As you can tell, it stuck in my mind. Over time, my feeling of irritation has been replaced by one of wondering why on earth I was singled out, and whether there was some motivation other than security. That’s not a pleasant feeling, even in retrospect, but it does highlight, for me, one foreseeable but probably unintended consequence of the ‘naked scanner’ policy.

At least, in my case, there was something which served to remind me that something untoward might, conceivably have happened. In the current context, we will be educating a cohort of children to submit themselves to potentially intrusive and inappropriate procedures which – to all intents and purposes “don’t happen” – a four-year-old child, say, will simply think they have been told to stand in a small room for a moment.

Then again,to pre-empt the likely comment from Richard Veryard – maybe that is the purpose of the system (POSIWID).

Twitter niceties

I noticed some Twitter correspondents prefixing their messages with “.@username” rather than plain “@username”, and having been unable to find an explanation online anywhere, did the sensible thing and asked via Twitter…

I got several responses, which mostly tallied with each other (!), and with any luck I have worked out what the deal is. The only clear way I could think of to express it was (and Eve will be so happy)… a Venn diagram. Here you go.

So – if I have got it right:

D username: visible only to the sender and recipient;
.@username: visible to the sender, sender’s followers and the recipient;
@username: visible to the sender, recipient, and the intersection of their followers.

[Post updated, 16/3/2010]

A further note: as usefully pointed out by NishantK (see comments below), unless you have set your twitter stream to be private and non-searchable, of the three types of message above, only D(irect) messages do not appear in your profile page and search results.

In general, I still have two issues with this at the design level:

1 – When a humble full stop can make such a subtle syntactical difference, is it any wonder we find it hard to grasp how to manage our online personas effectively?

2 – I started out by being frustrated at why searching for “.@” didn’t produce any useful help with definitions; I graduated to exasperation when I learned that the “.” is actually arbitrary, and any other character would have the same effect. Is it just me, or is that really daft? It means there is, essentially, no practical way either to index or to search for information about a Twitter function which makes a difference

I spent some time trying to think of a good word for “arbitrary, un-documentable feature” – but the only one I could come up with was “bug”.

What is copyright for?

Something is rotten, it would seem, at the heart of copyright legislation.

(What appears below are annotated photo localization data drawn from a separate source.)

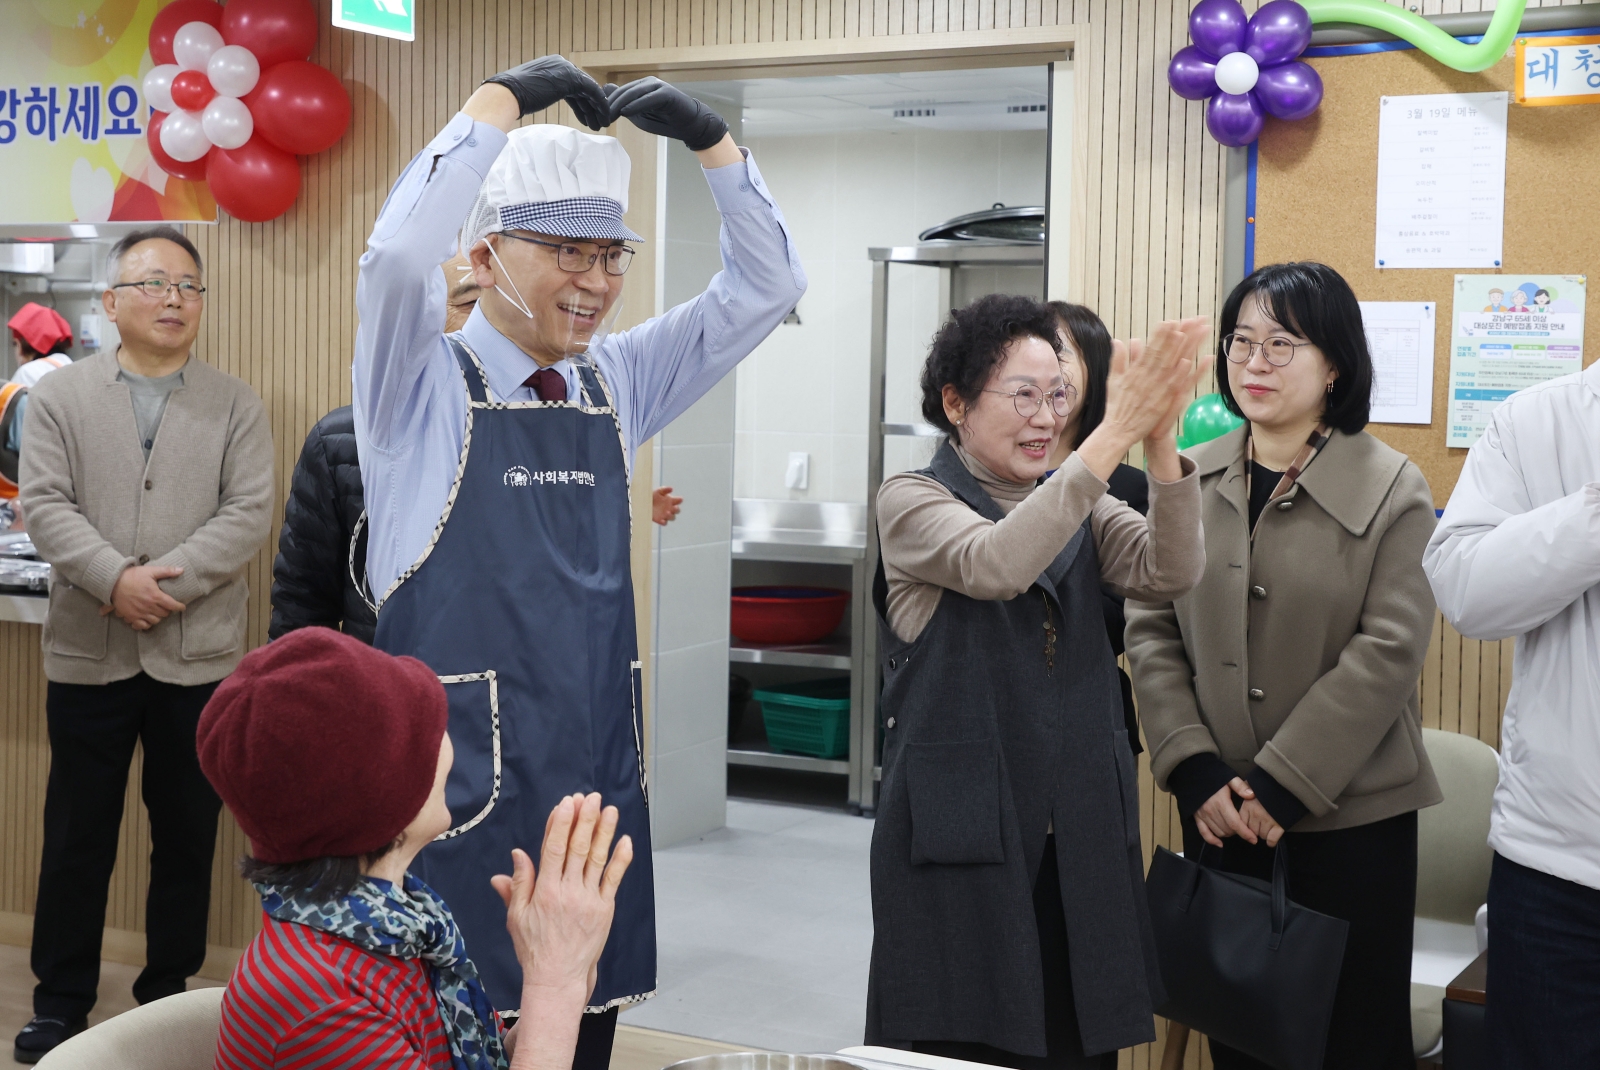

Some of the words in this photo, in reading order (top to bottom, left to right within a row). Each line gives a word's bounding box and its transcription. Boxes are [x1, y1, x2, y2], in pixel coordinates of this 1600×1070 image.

[0, 85, 155, 144] 강하세요
[1407, 108, 1423, 119] 3월
[1429, 107, 1451, 118] 19일
[1457, 106, 1478, 117] 메뉴
[1532, 315, 1547, 323] 이상
[1473, 322, 1502, 330] 대상포진
[1503, 322, 1532, 330] 예방접종
[1534, 322, 1549, 330] 지원
[1550, 322, 1566, 331] 안내
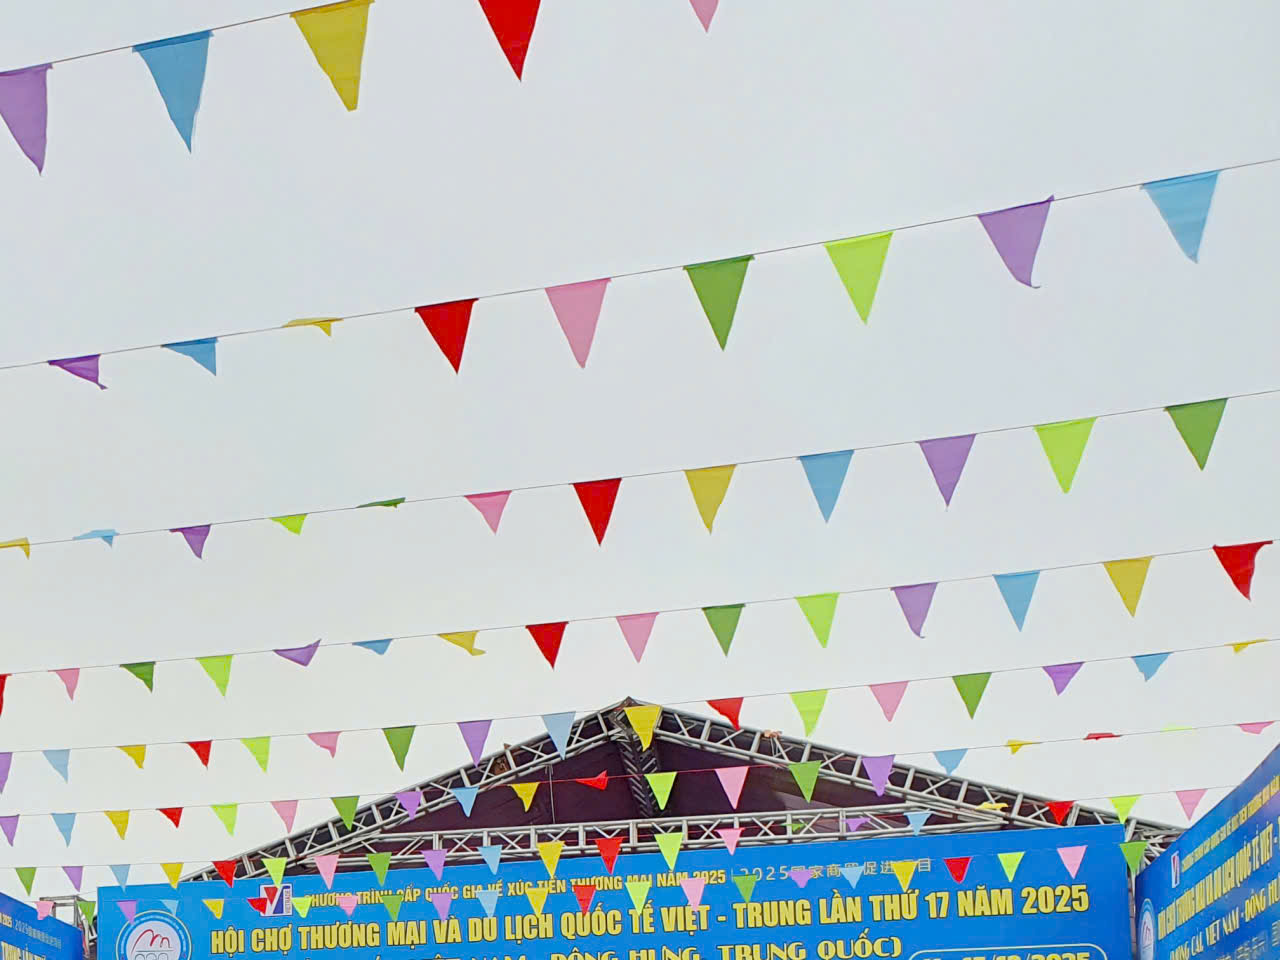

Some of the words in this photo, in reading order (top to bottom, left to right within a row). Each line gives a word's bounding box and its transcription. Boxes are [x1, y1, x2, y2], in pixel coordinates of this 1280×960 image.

[211, 926, 245, 958] HỘI
[251, 923, 293, 956] CHỢ
[298, 921, 380, 950] THƯƠNG
[387, 919, 427, 949] MẠI
[433, 916, 462, 944] VÀ
[468, 916, 498, 942] DU
[505, 913, 554, 945] LỊCH
[560, 902, 623, 940] QUỐC
[628, 900, 655, 934] TẾ
[660, 904, 711, 936] VIỆT
[732, 898, 812, 929] TRUNG
[819, 888, 862, 924] LẦN
[869, 888, 920, 921] THỨ
[925, 891, 950, 919] 17
[957, 885, 1014, 917] NĂM
[1021, 884, 1089, 914] 2025

Otto von Bismarck definitely had a point when he remarked (allegedly, at least), that “the less people know about how laws and sausages are made, the easier they sleep at night”. That said, if there are unnatural acts being committed in either process, there must be a point at which it’s better to know than not to know.

This article, by Bill Thompson, rightly highlights the dangers of allowing copyright law to degenerate into an unregulated mess, devoid of due process and subject to partisan abuse. That far I agree with him. However, I disagree that the best response is to re-draft the law so that it redresses the balance in favour of the data consumer, as opposed to the copyright holder.

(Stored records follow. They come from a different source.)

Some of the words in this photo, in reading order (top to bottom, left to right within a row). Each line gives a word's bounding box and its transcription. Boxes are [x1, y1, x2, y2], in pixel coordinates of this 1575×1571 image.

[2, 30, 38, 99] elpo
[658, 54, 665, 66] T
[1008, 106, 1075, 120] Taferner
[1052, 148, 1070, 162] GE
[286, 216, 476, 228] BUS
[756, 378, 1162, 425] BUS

The problem with that approach is that we are all, increasingly, publishers of data and (ideally) copyright-holders… of the information we disclose about ourselves. In fact, I have often made the comment that the rights which so irritate us when they are officiously enforced by media pubishers, are exactly those rights which we would dearly love to be able to enforce when they relate to our personal information. If the laws are to be re-drafted, the aim should not be to rebalance the rights of data consumers and data publishers per se… but to ensure that the rights currently accorded to the ‘traditional’ holders of copyright are extended to all of us.

In other words, it’s time that the laws on publishing were extended to protect all those who publish, and not just those who published before Web 2.0 came along.

Unfortunately, if we adopt Bismarck’s attitude to the law-making process, instances such as the international Anti-Counterfeiting Trade Agreement (ACTA) and the UK Digital Economy Bill (DEBill) make one thing quite clear: if you wait until the process has finished before worrying about the result, it will be too late.

Niche market…

Knowing how Eve loves a Venn diagram, I thought this was the best way to gauge interest in my new line of badges. Plus, I wouldn’t want you to think I had launched a new product without doing a thorough market segmentation exercise first. So here it is, fresh from the back of the envelope…

The back-story is here, on Eve’s blog. It occurred to her (and who am I to argue?), that a healthy mind-set for data sharing these days is not to try and prevent it ever happening, but to work on ways of ensuring that it only happens with the consent of the data subject. That in turn put her in mind of Luc Besson’s “The 5th Element” [Ian Holm, Milla Jovovich, Bruce Willis].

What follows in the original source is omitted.